Less than five minutes. That is how long it usually takes shoppers to buy a book on Amazon … or a new Hyundai online. Last November the South Korean carmaker formed a partnership with auto retailing entrepreneur Simon Dixon called Hyundai Rockar to sell cars in the UK via the Internet 24 hours a day, seven days a week in a pilot program that could be rolled out to other markets.
Not only do customers avoid price haggling, they also don’t have to travel to Hyundai’s dealership to get their new car. A new i30 compact is just a few clicks away, and it can be delivered right to the customer’s home. “It’s a totally new approach to selling cars. I would say it is maybe the first pure digital dealer,” Hyundai Europe Vice President of Marketing Jochen Sengpiehl told Automotive News Europe.

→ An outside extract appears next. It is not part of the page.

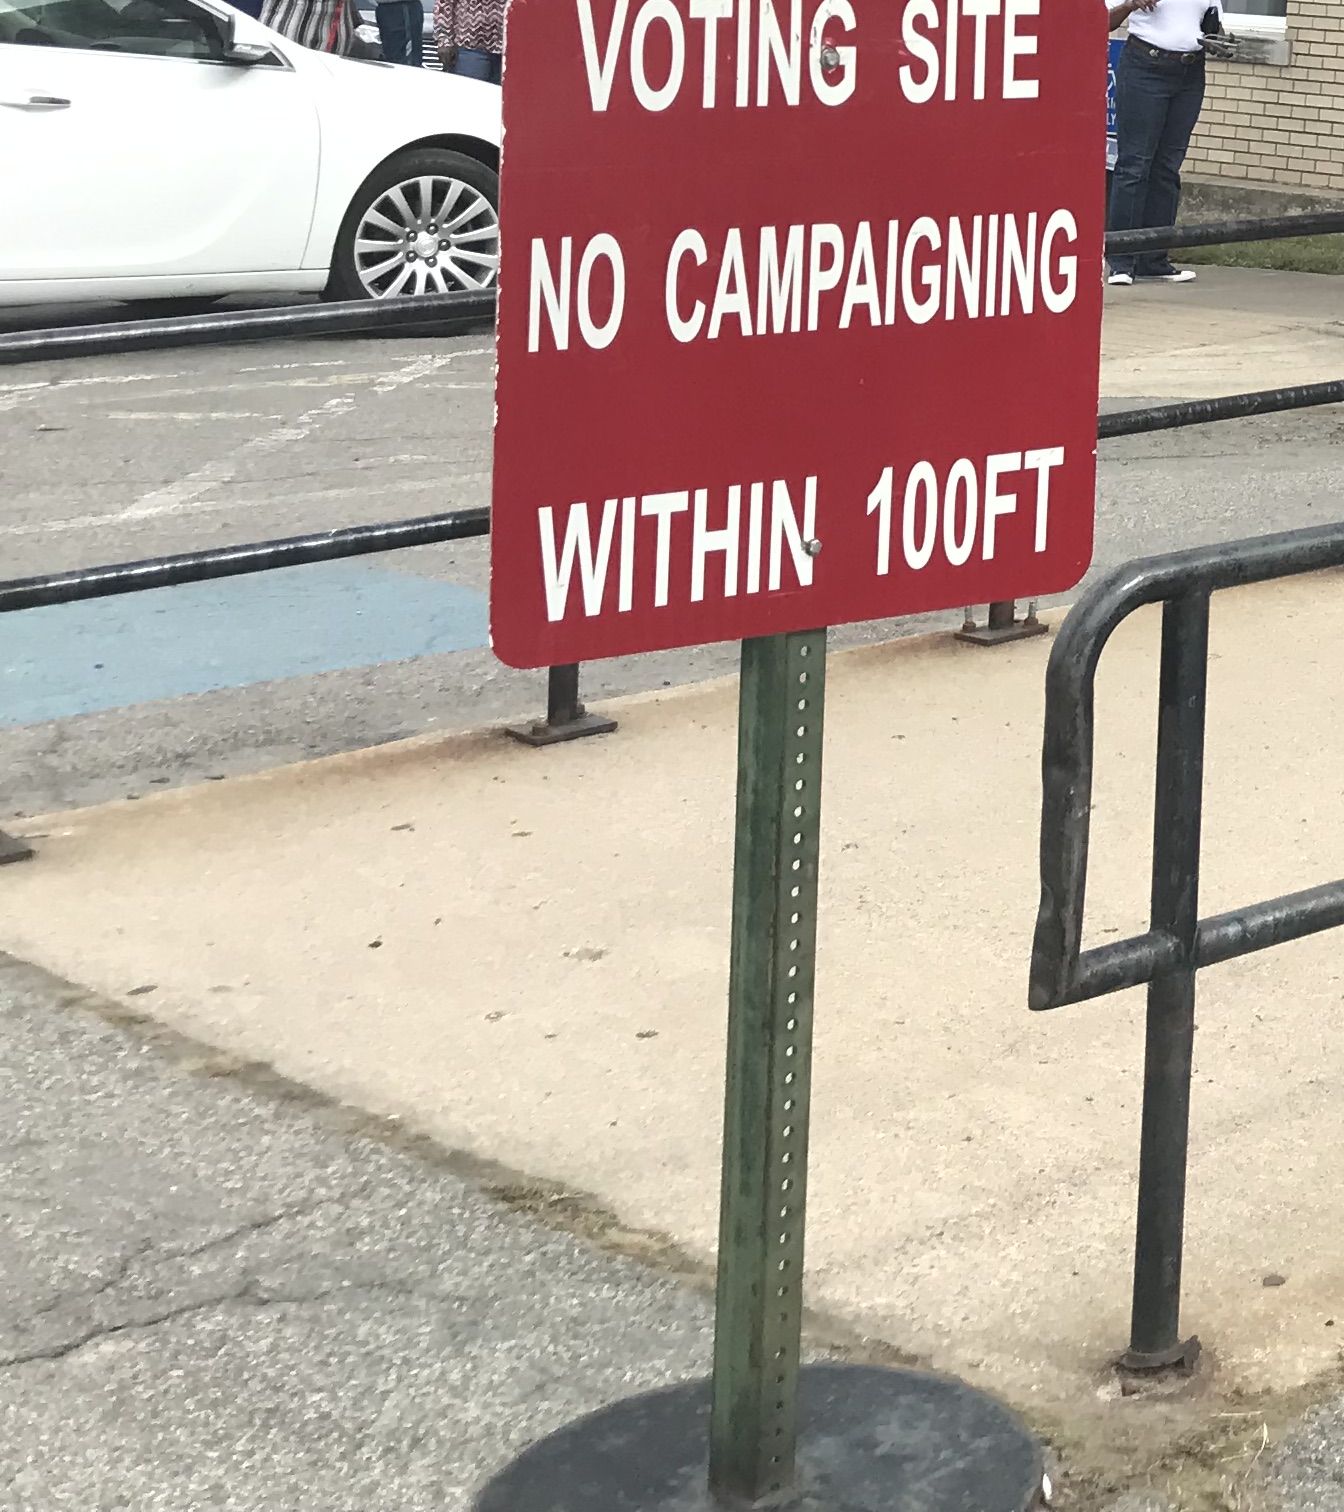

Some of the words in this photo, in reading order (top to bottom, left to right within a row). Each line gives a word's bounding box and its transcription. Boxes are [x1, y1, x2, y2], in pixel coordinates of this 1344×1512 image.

While Hyundai’s trial appears to leave the future of auto showrooms in doubt, automakers remain very reluctant to completely remove dealers from the retail process. Volvo, Mercedes-Benz and others, however, are very interested in strengthening their online tools to at least make it possible for the bulk of the transaction to take place on the Internet.
Test drive decline
The Internet has already stolen business away from many kinds of bricks-and-mortar retailers, and now it threatens to upend the traditional dealership model. Andrew Tongue of ICDP, a market research firm specialized in automotive retailing, argues that the main reason for going to the dealership before purchasing -- physically inspecting a vehicle and taking it for a test drive -- is becoming steadily less relevant for today’s society. “The industry tends to rate the value of the test drive much more highly than we customers do; some of us spend more on our monthly satellite TV and broadband package than we do on our car loan,” he wrote in a research note in January.